--- WORK TO COMPLETE ---
Retype the entries exactly; omit all pictures.

(Recorded data)
BEGIN
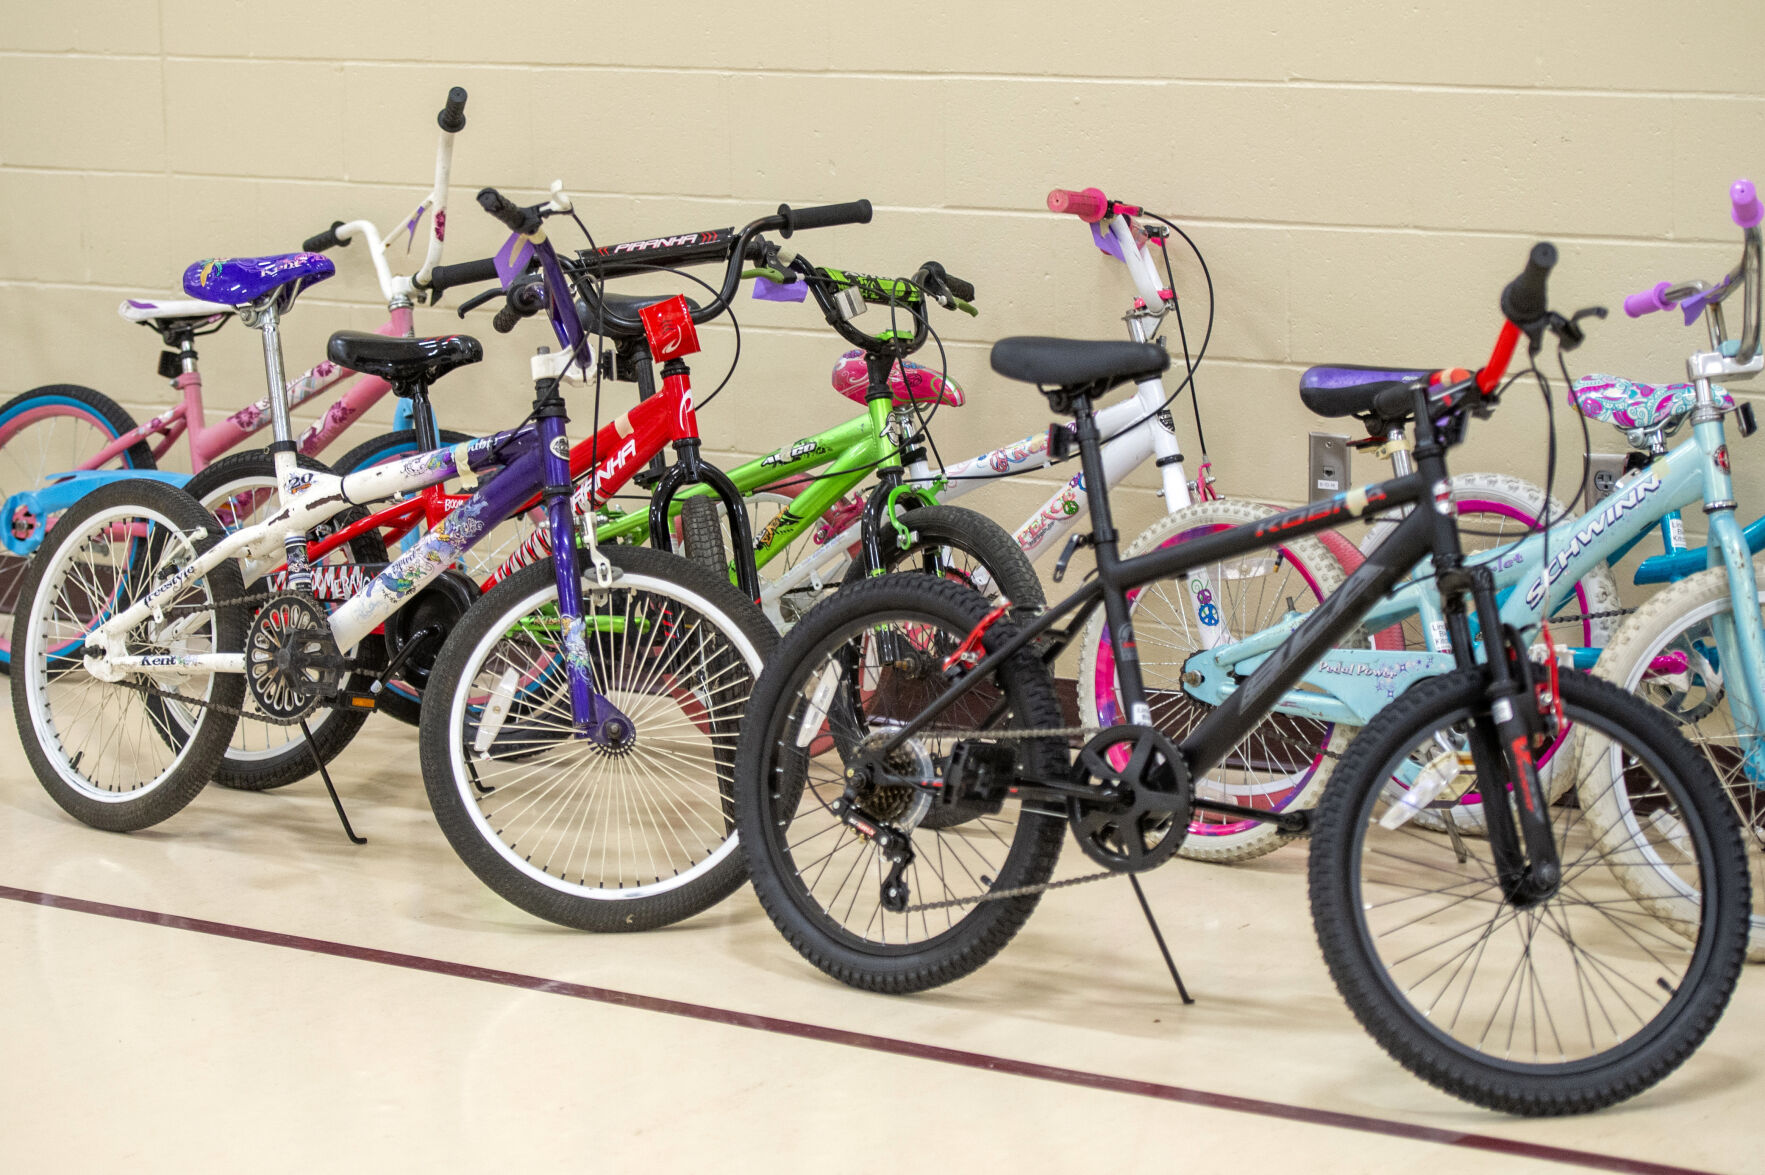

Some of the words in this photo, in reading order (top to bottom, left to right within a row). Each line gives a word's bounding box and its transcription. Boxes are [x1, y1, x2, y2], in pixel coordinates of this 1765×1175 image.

[613, 232, 699, 255] PIRANHA
[288, 472, 315, 490] 20
[1525, 473, 1662, 610] SCHWINN
[144, 565, 195, 609] freestyle
[140, 655, 177, 666] Kent
[1318, 660, 1354, 676] Pedal
[1356, 664, 1398, 680] Power
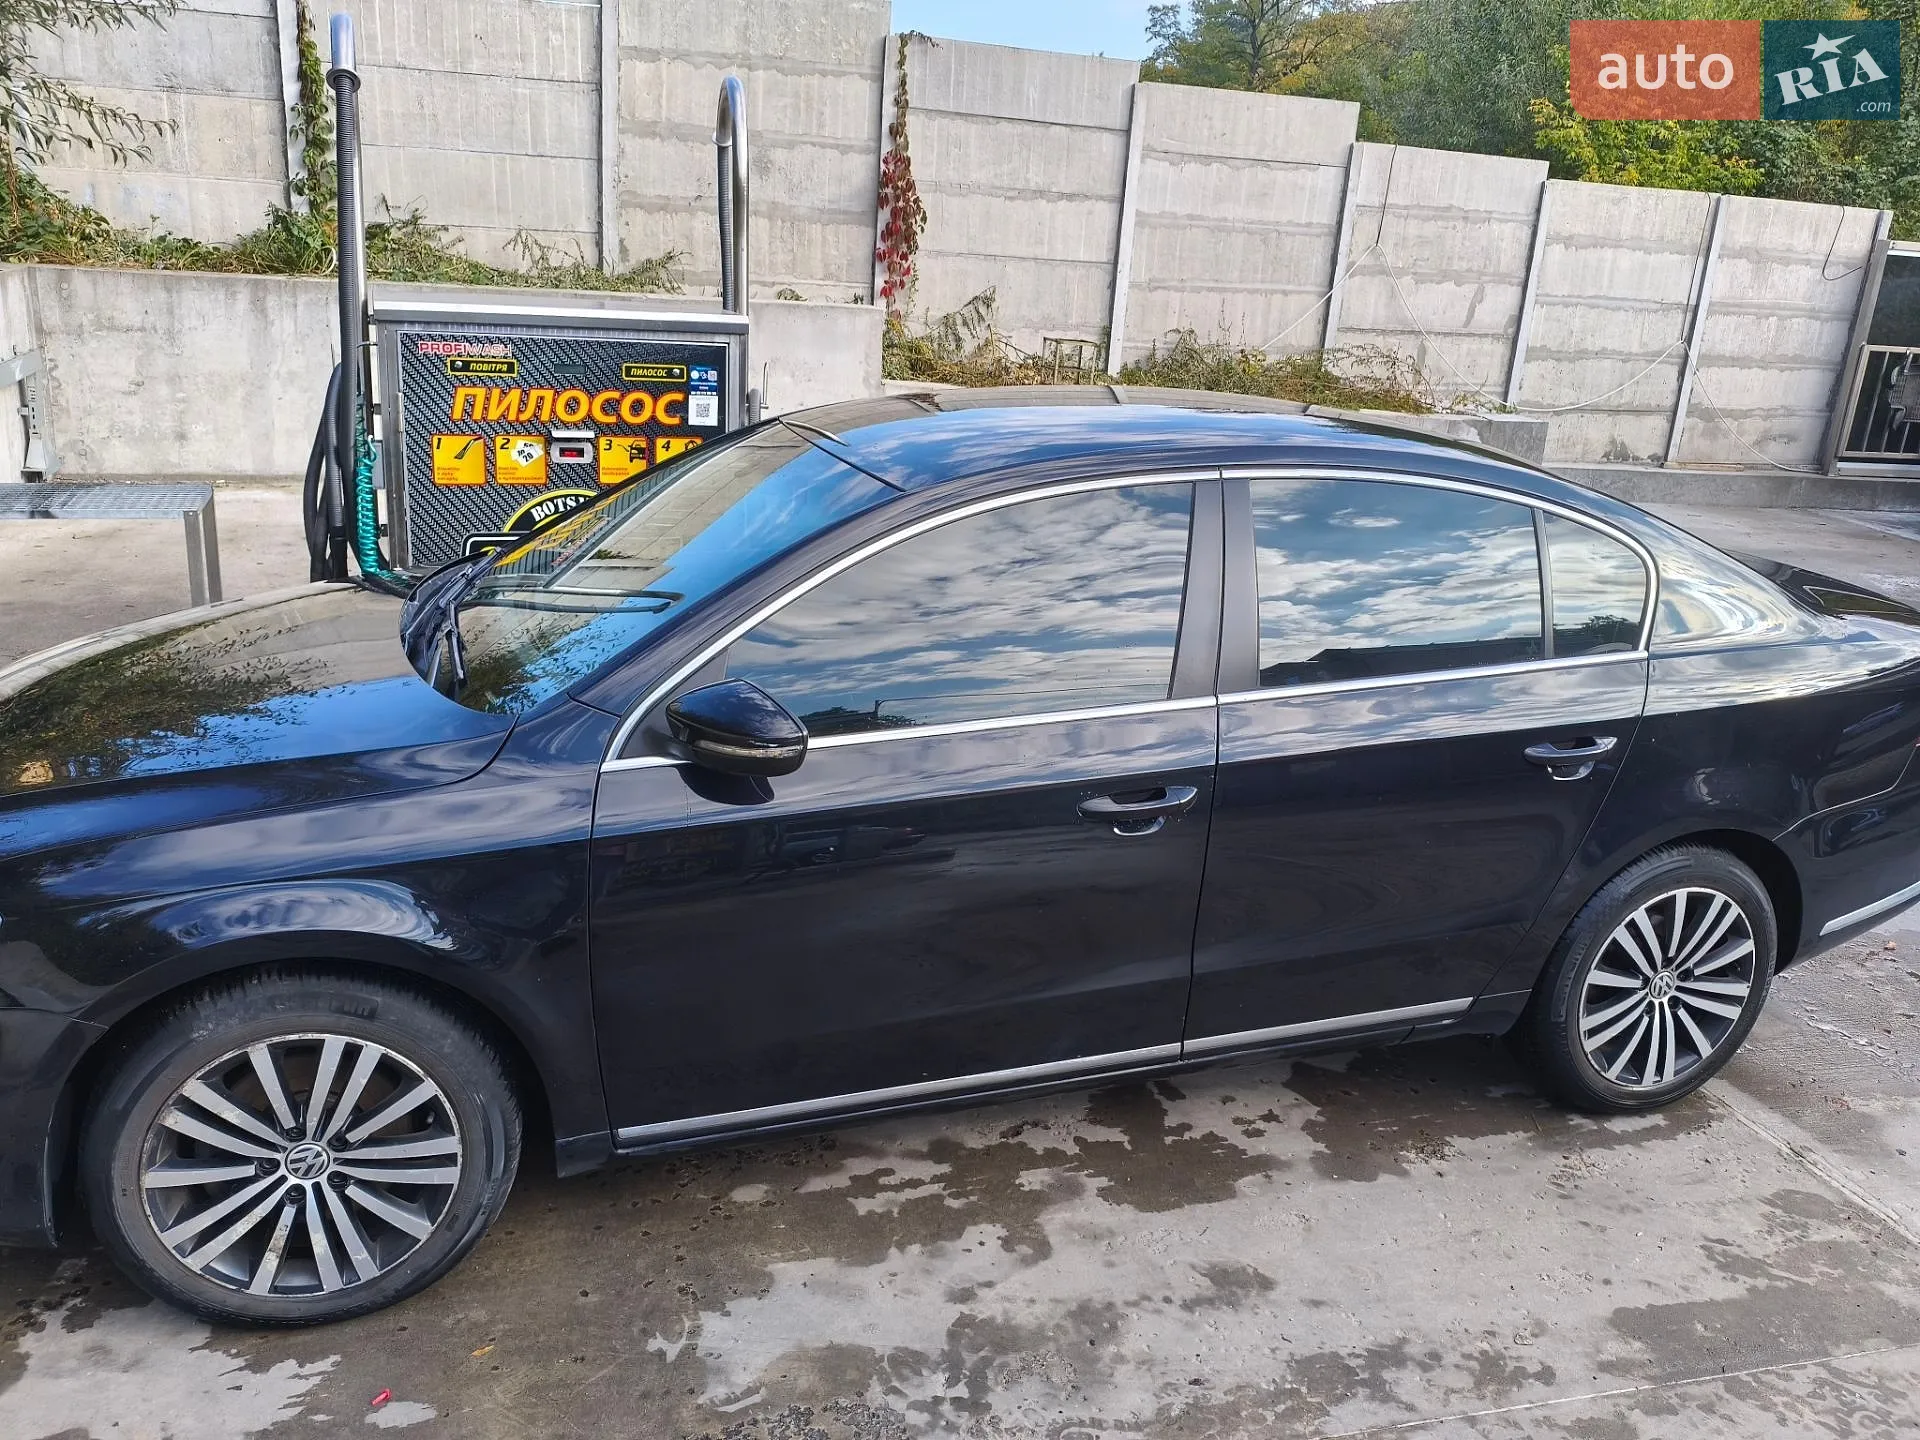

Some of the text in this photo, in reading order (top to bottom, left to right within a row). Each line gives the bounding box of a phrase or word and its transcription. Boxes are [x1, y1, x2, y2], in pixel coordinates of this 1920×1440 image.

[418, 341, 512, 356] PROFIWASH
[469, 362, 508, 372] ПОВІТРЯ
[630, 367, 668, 377] ПИЛОСОС
[451, 386, 686, 426] ПИЛОСОС
[436, 437, 442, 450] 1
[499, 437, 511, 450] 2
[603, 439, 613, 451] 3
[661, 440, 671, 452] 4
[522, 452, 534, 463] 20
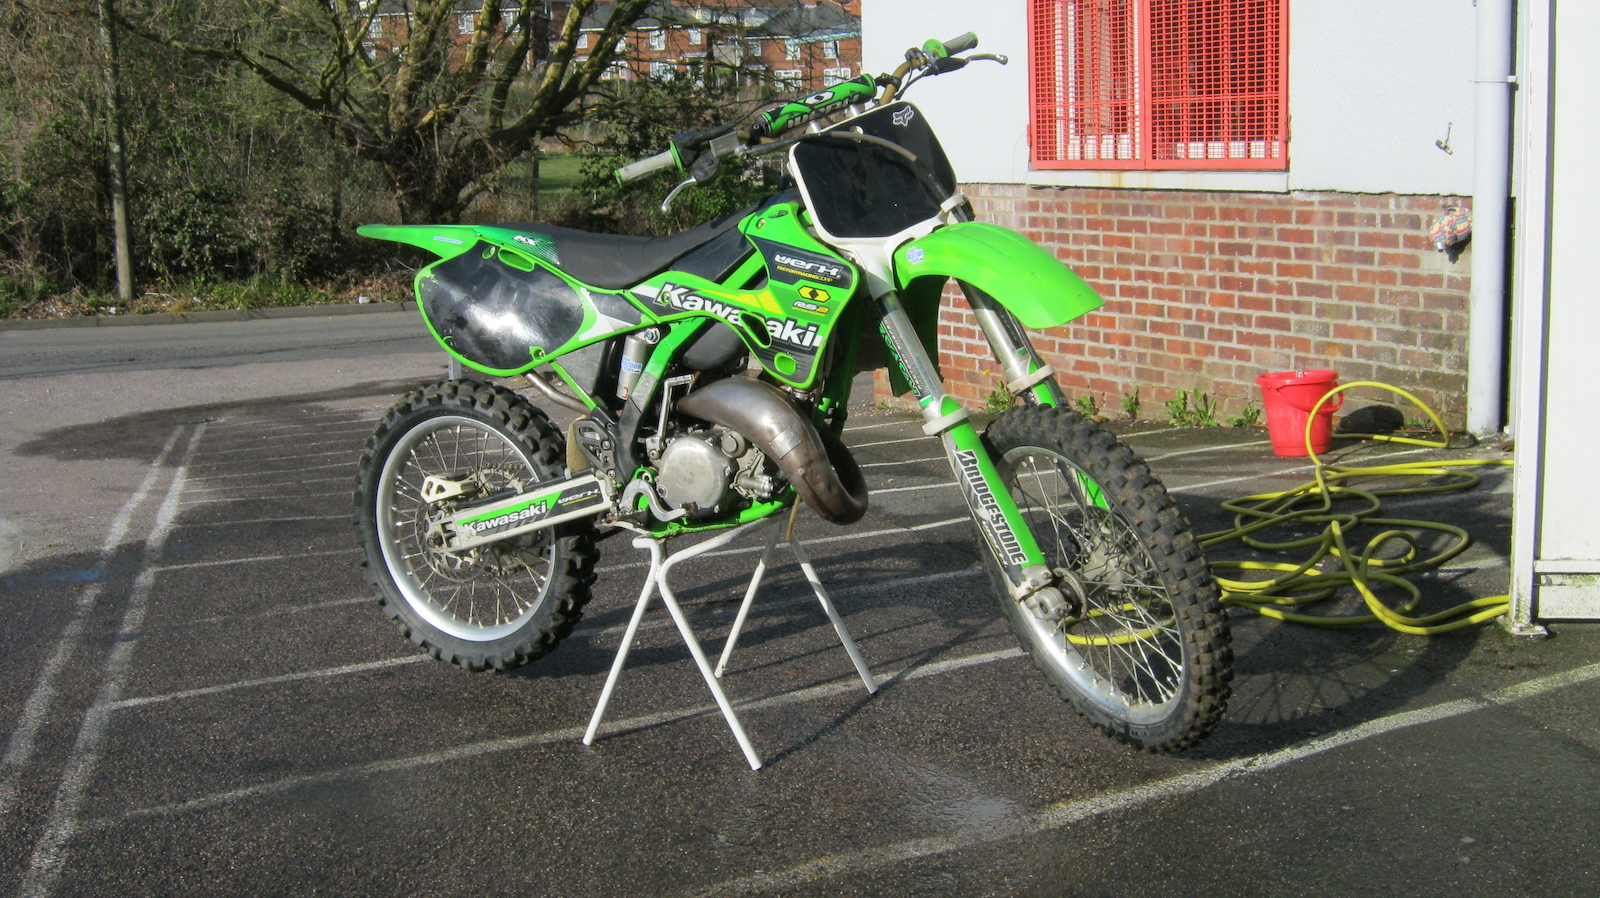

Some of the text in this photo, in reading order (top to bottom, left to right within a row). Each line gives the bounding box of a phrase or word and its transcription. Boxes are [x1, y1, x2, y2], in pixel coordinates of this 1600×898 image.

[655, 282, 817, 348] Kawaaki
[463, 501, 547, 533] Kawasaki
[952, 449, 1029, 565] BRIDGESTONE
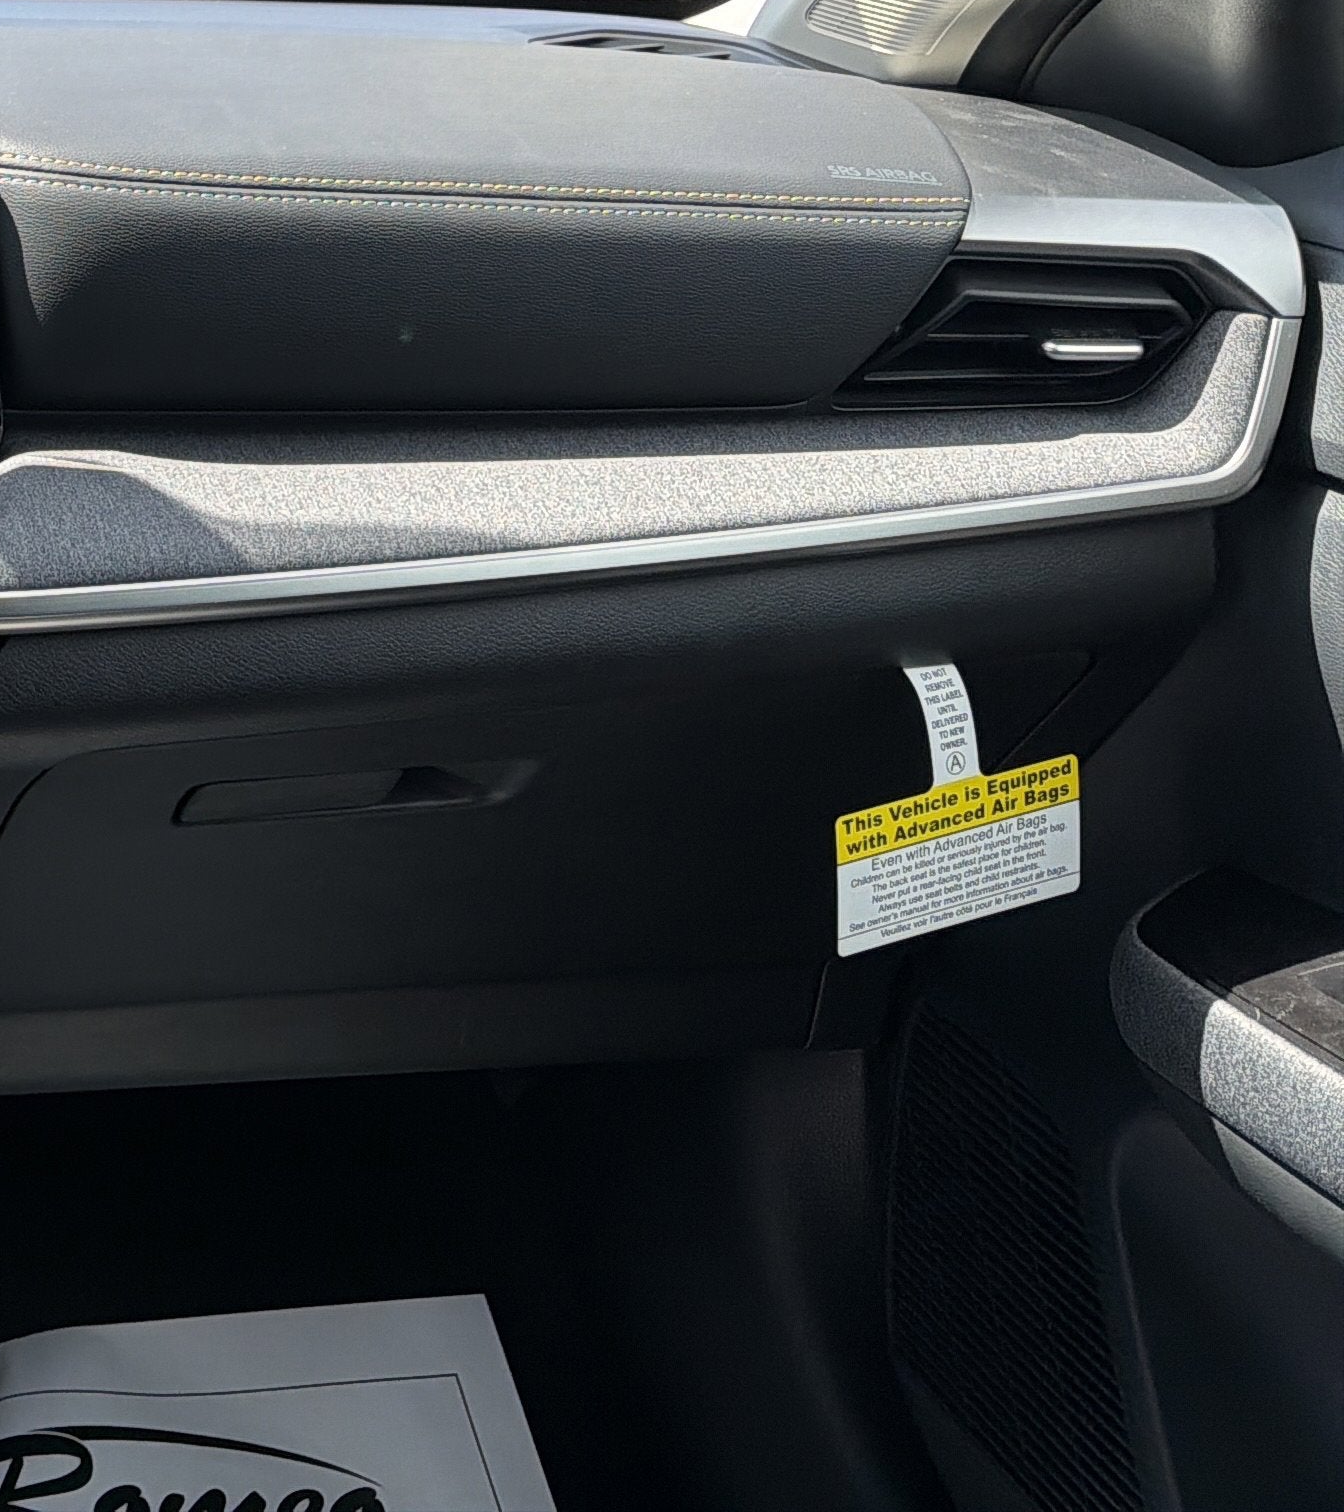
END
--- RESPONSE AREA ---
Some of the words in this photo, in reading order (top to bottom, left to right within a row). Each line gives a word's bounding box and its transcription. Boxes are [x1, y1, x2, y2], in pixel coordinates of this 1765×1175 image.

[613, 232, 699, 255] PIRANHA
[288, 472, 315, 490] 20
[1525, 473, 1662, 610] SCHWINN
[144, 565, 195, 609] freestyle
[140, 655, 177, 666] Kent
[1318, 660, 1354, 676] Pedal
[1356, 664, 1398, 680] Power

Some of the text in this photo, in reading order (top to bottom, left to right within a row). Each line gives the bounding box of a phrase or word and its transcription. Boxes are [x1, y1, x2, y2], in pixel coordinates of this 1920×1440 image.

[418, 341, 512, 356] PROFIWASH
[469, 362, 508, 372] ПОВІТРЯ
[630, 367, 668, 377] ПИЛОСОС
[451, 386, 686, 426] ПИЛОСОС
[436, 437, 442, 450] 1
[499, 437, 511, 450] 2
[603, 439, 613, 451] 3
[661, 440, 671, 452] 4
[522, 452, 534, 463] 20

Some of the text in this photo, in reading order (top to bottom, left to right within a row). Each line gives the bounding box of a phrase or word and its transcription. Boxes are [x1, y1, x2, y2], in pixel coordinates of this 1600×898 image.

[655, 282, 817, 348] Kawaaki
[463, 501, 547, 533] Kawasaki
[952, 449, 1029, 565] BRIDGESTONE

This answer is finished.